Claude / Cursor / etc.
vibeue-proxy.py
(when running)
tools/list always served from manifest | tools/call forwarded live to UE
Setup
Step 1 — Start the Proxy
Run the launcher script included with VibeUE. It starts the proxy in the background with no console window, and kills any existing instance first:
Double-click it, or run it from a terminal. Python must be installed and on your PATH (pythonw is used so no console window appears).
Step 2 — Point Your MCP Client at Port 8089
Replace port 8088 with 8089 in your MCP config. Example for Claude Code:
claude mcp add --scope user --transport stdio VibeUE-Claude -- npx -y mcp-remote http://127.0.0.1:8089/mcp --transport http-only --allow-http --header "Authorization:Bearer YOUR_API_KEY" Same change applies to any client — just swap 8088 → 8089 in your JSON config or command. See the AI Client Setup page for per-client config examples.
Step 3 — Launch UE at Least Once
Open Unreal Engine with VibeUE enabled once to generate the tools manifest at %APPDATA%\VibeUE\tools-manifest.json. After that, the proxy can serve tool definitions even with UE closed. The manifest updates automatically every time you open UE.
Auto-Start Options
For the smoothest experience, start the proxy automatically so it's always running before you open your AI client.
Option A — Windows Startup (Recommended)
Add the launcher to Windows startup so the proxy starts with your PC:
- Press Win + R, type
shell:startup, press Enter - Create a shortcut to
start-vibeue-proxy.batand paste it into the Startup folder - The proxy will now start automatically at login, before you open any AI client
The script kills any previous proxy instance before starting, so re-running it is safe.
Option B — Have Claude Start It for You
You can instruct Claude Code to check for and start the proxy at the beginning of each session.
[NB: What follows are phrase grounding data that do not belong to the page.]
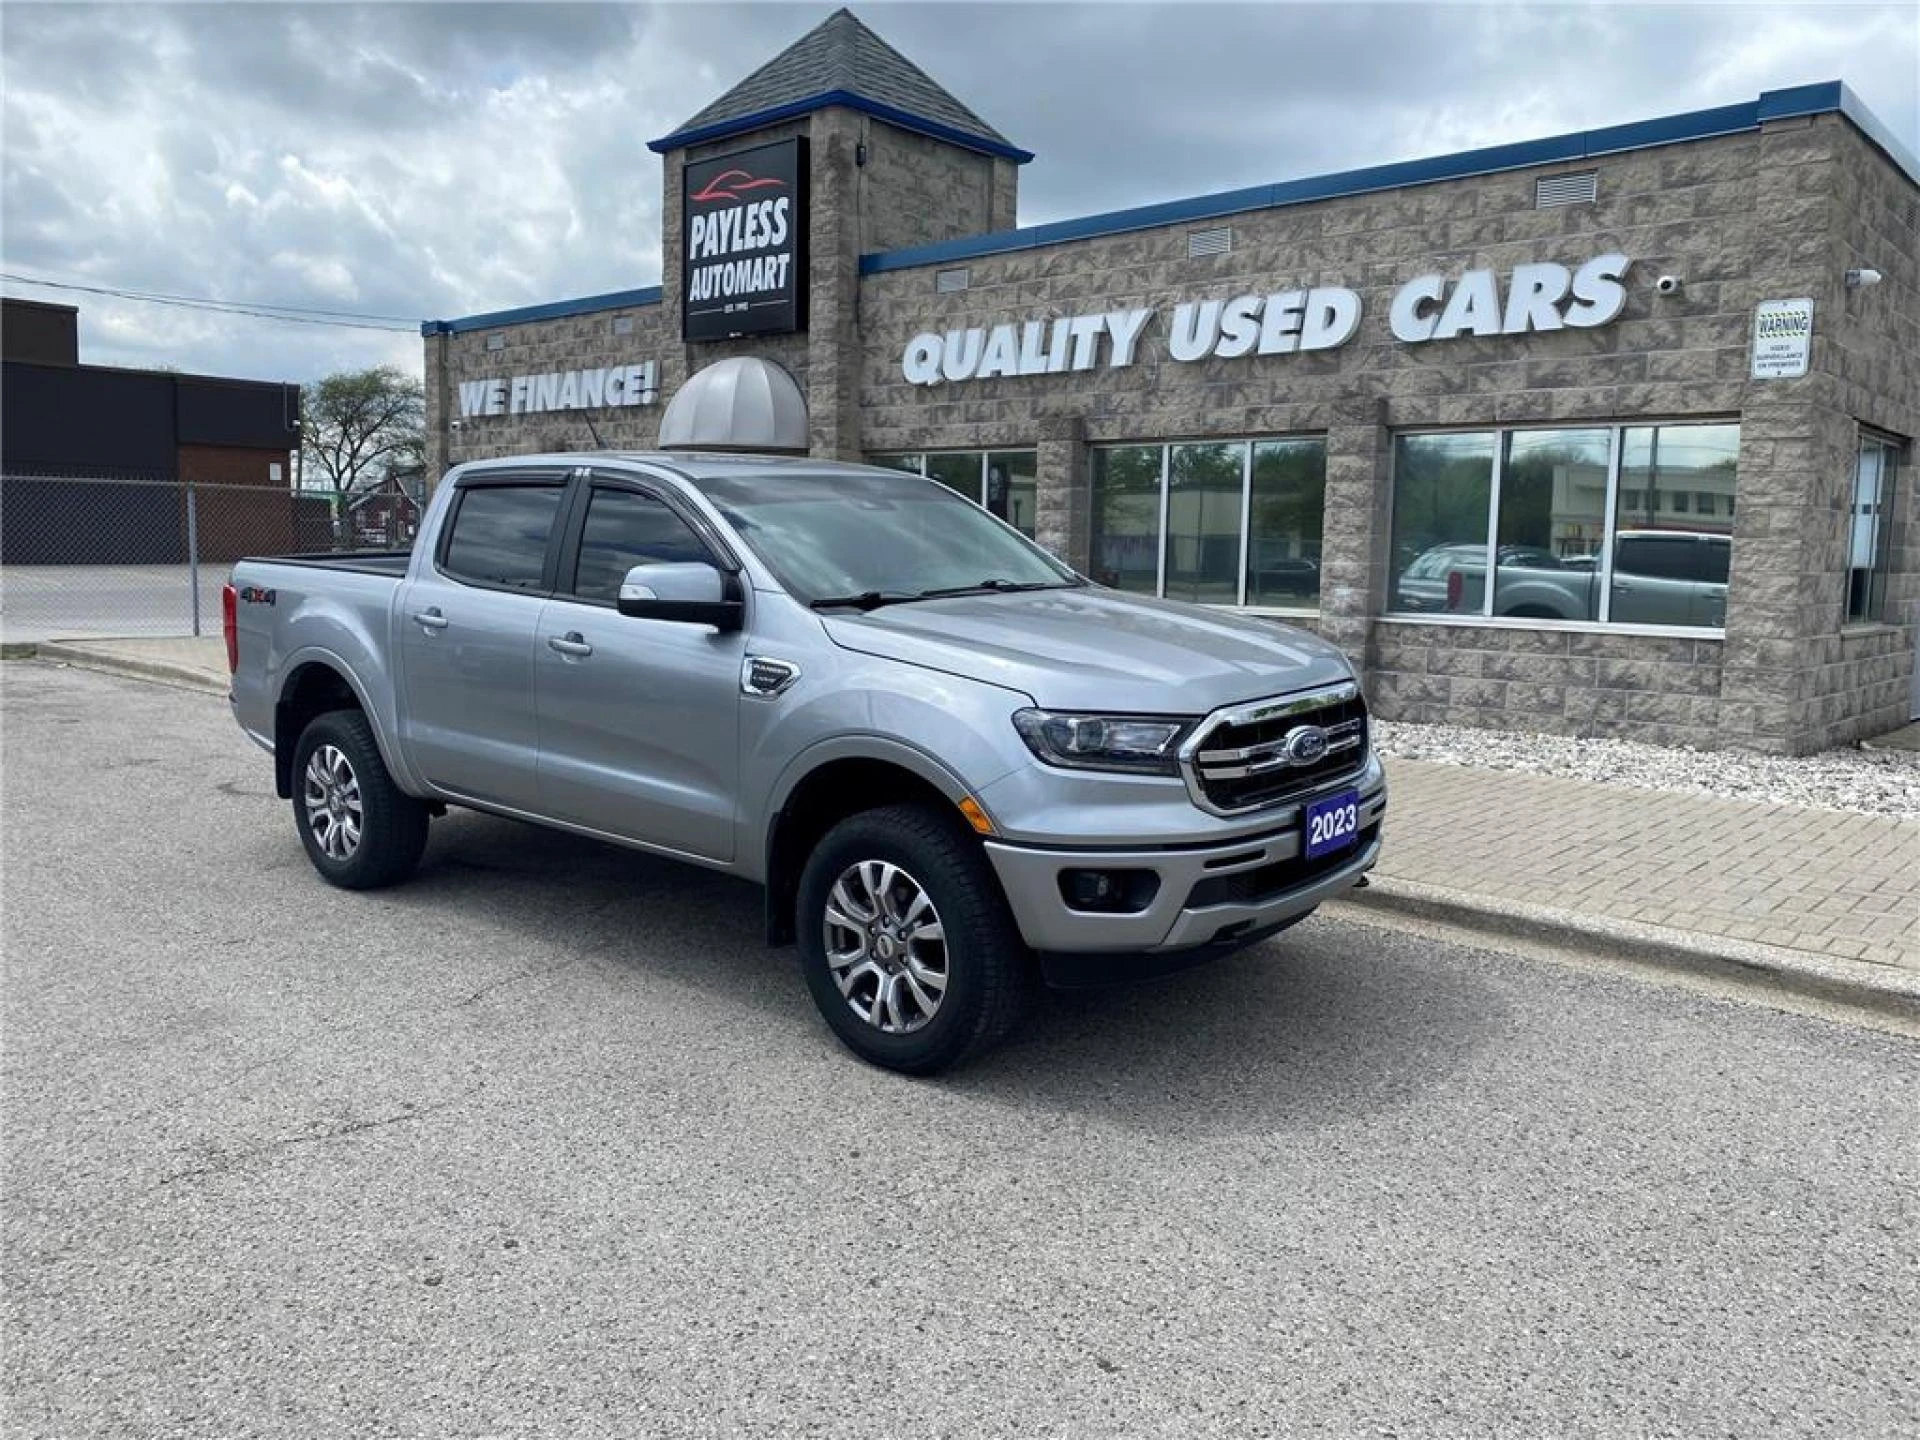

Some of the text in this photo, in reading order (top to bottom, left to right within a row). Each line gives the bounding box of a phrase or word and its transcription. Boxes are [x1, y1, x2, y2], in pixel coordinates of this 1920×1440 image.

[689, 196, 790, 260] PAYLESS
[689, 253, 790, 302] AUTOMART
[902, 251, 1632, 387] QUALITY USED CARS
[1759, 317, 1808, 333] WARNING
[458, 359, 661, 417] WE FINANCE!
[1310, 803, 1357, 845] 2023
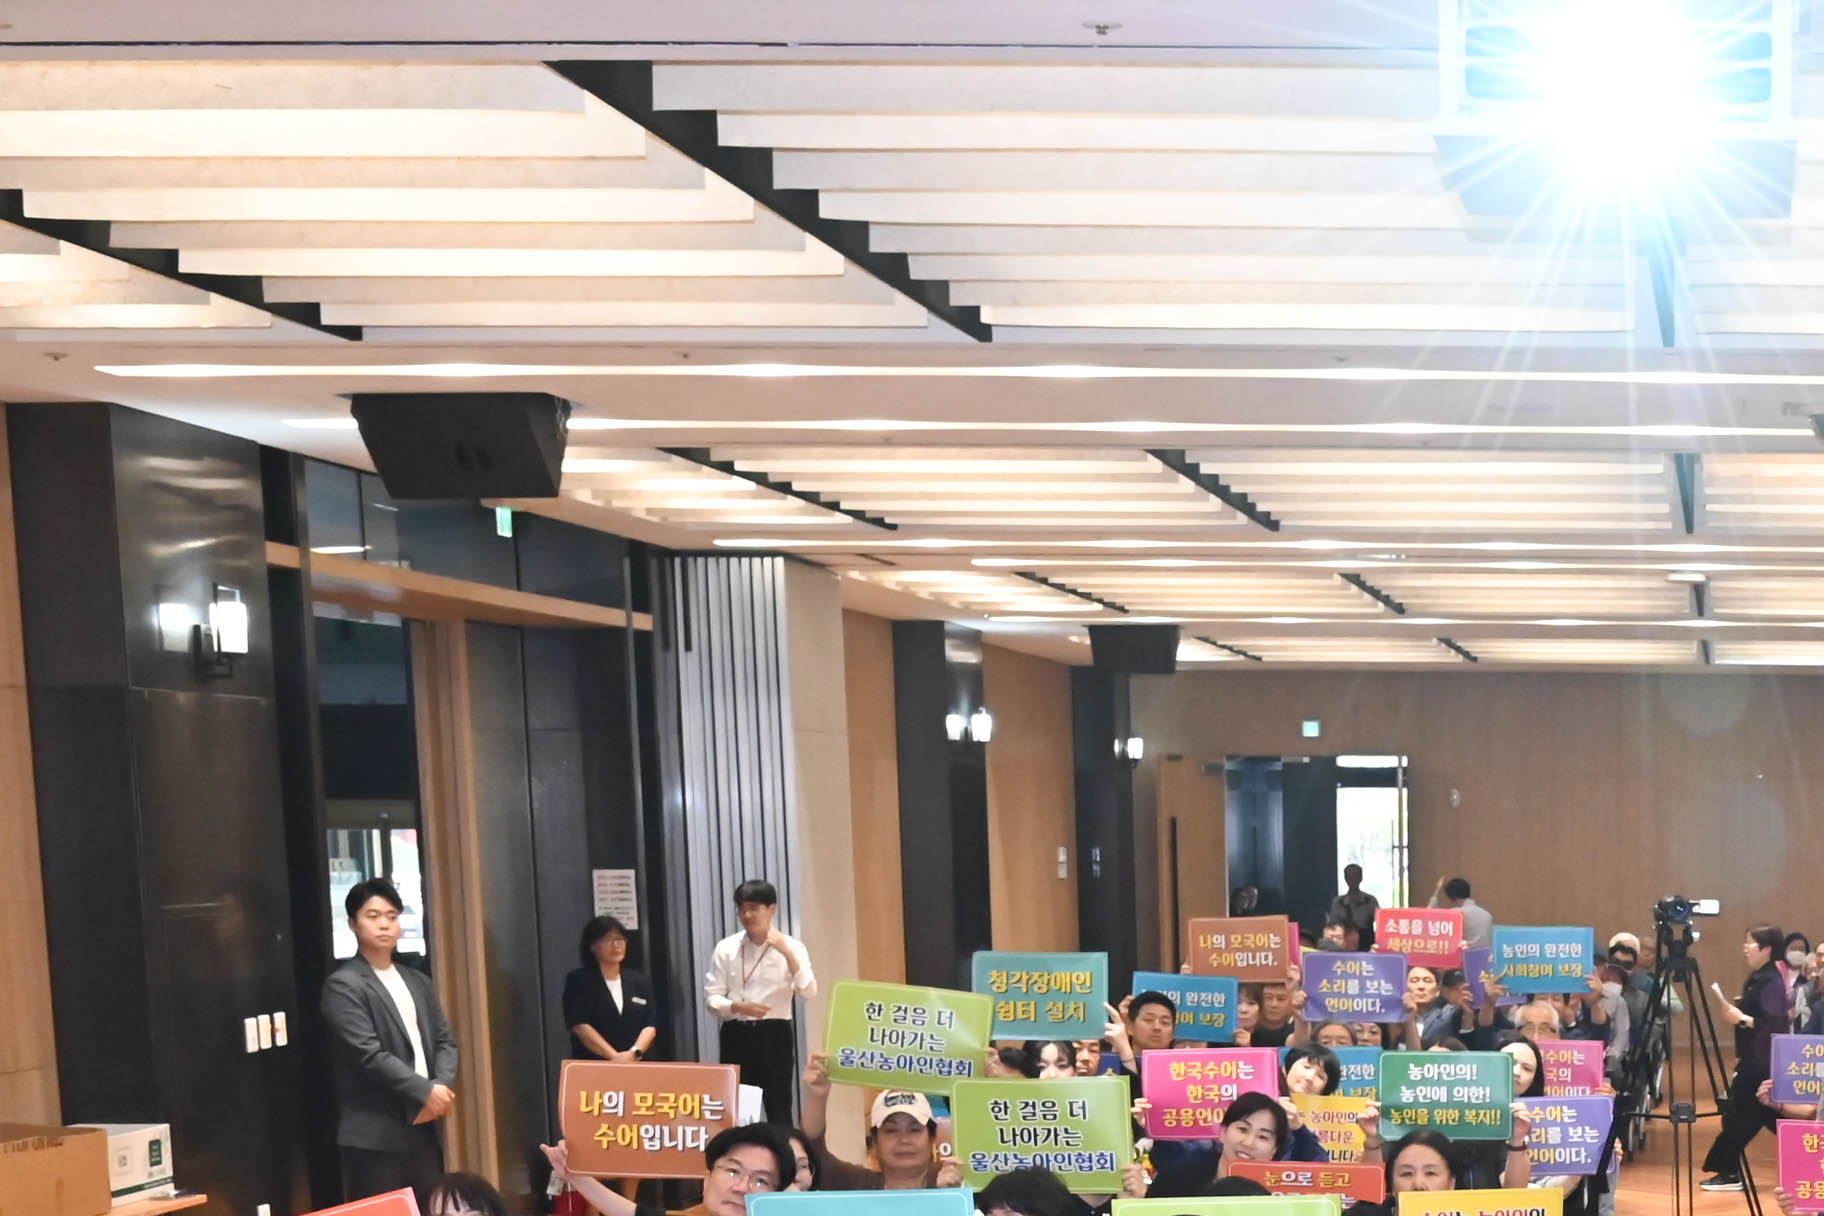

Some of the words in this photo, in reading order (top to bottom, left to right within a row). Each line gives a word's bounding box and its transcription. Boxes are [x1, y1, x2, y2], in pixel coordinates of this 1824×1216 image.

[1384, 919, 1424, 935] 소통을
[1428, 920, 1454, 935] 넘어
[1199, 933, 1225, 949] 나의
[1230, 932, 1281, 949] 모국어는
[1386, 938, 1449, 956] 세상으로!!
[1209, 953, 1278, 967] 수어입니다.
[1502, 943, 1541, 959] 농인의
[1545, 943, 1583, 959] 완전한
[1332, 960, 1375, 976] 수어는
[988, 969, 1093, 995] 청각장애인
[1318, 979, 1360, 994] 소리를
[1365, 979, 1393, 995] 보는
[1186, 991, 1225, 1007] 완전한
[1325, 998, 1386, 1013] 언어이다.
[866, 1001, 885, 1023] 한
[891, 1004, 929, 1027] 걸음
[936, 1007, 956, 1030] 더
[997, 1000, 1036, 1023] 쉼터
[1046, 1000, 1086, 1023] 설치
[869, 1026, 945, 1052] 나아가는
[838, 1048, 973, 1078] 울산농아인협회
[1169, 1060, 1255, 1081] 한국수어는
[1408, 1063, 1477, 1081] 농아인의!
[1186, 1084, 1238, 1104] 한국의
[1400, 1086, 1448, 1104] 농인에
[1453, 1086, 1491, 1104] 의한!
[580, 1090, 625, 1117] 나의
[632, 1092, 725, 1120] 모국어는
[989, 1099, 1010, 1121] 한
[1018, 1100, 1058, 1122] 걸음
[1068, 1099, 1088, 1120] 더
[1531, 1105, 1577, 1123] 수어는
[1390, 1109, 1429, 1125] 농인을
[1434, 1108, 1461, 1125] 위한
[1465, 1108, 1501, 1125] 복지!!
[999, 1127, 1083, 1148] 나아가는
[1568, 1126, 1601, 1143] 보는
[969, 1151, 1116, 1174] 울산농아인협회
[1264, 1171, 1313, 1187] 눈으로
[1319, 1171, 1351, 1187] 듣고
Add this to your CLAUDE.md at your Unreal project root:
## Startup
At the start of each session, ensure the VibeUE proxy is running:
- Check if anything is listening on port 8089
- If not, run: Plugins\VibeUE\Content\Python\start-vibeue-proxy.bat
- Wait a moment, then confirm the proxy started before proceeding Claude will check port 8089 and launch the proxy automatically at the start of each conversation if it isn't already running.
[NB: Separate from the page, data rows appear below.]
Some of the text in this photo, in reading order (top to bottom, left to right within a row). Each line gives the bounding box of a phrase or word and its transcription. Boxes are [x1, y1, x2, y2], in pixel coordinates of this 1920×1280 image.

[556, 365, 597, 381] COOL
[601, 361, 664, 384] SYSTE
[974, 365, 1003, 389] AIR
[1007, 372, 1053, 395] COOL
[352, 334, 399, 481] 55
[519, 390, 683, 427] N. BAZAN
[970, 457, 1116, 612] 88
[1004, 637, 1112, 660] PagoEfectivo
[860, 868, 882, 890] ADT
Bearer Token Configuration
If you've set an API key in VibeUE, the proxy needs it to forward tool calls to UE. Create a config file in the same folder as the proxy:
File: Plugins\VibeUE\Content\Python\vibeue-proxy.json
{
"bearer_token": "YOUR_API_KEY"
} The proxy reads this file on startup. Restart the proxy after changing it. If no API key is set in VibeUE, you don't need this file.
Troubleshooting
Proxy won't start — "pythonw not found"
Install Python from python.org and ensure it's added to your PATH. Run python --version in a terminal to verify.
Tools list is empty
The manifest hasn't been generated yet. Open Unreal Engine with VibeUE enabled at least once. The manifest is written to %APPDATA%\VibeUE\tools-manifest.json on UE startup.
Tool calls fail even when UE is running
Check your bearer token. If VibeUE has an API key set, create vibeue-proxy.json with the correct token and restart the proxy.
How do I stop the proxy?
Run the bat script again — it kills any existing instance first. Or find and stop the pythonw process in Task Manager.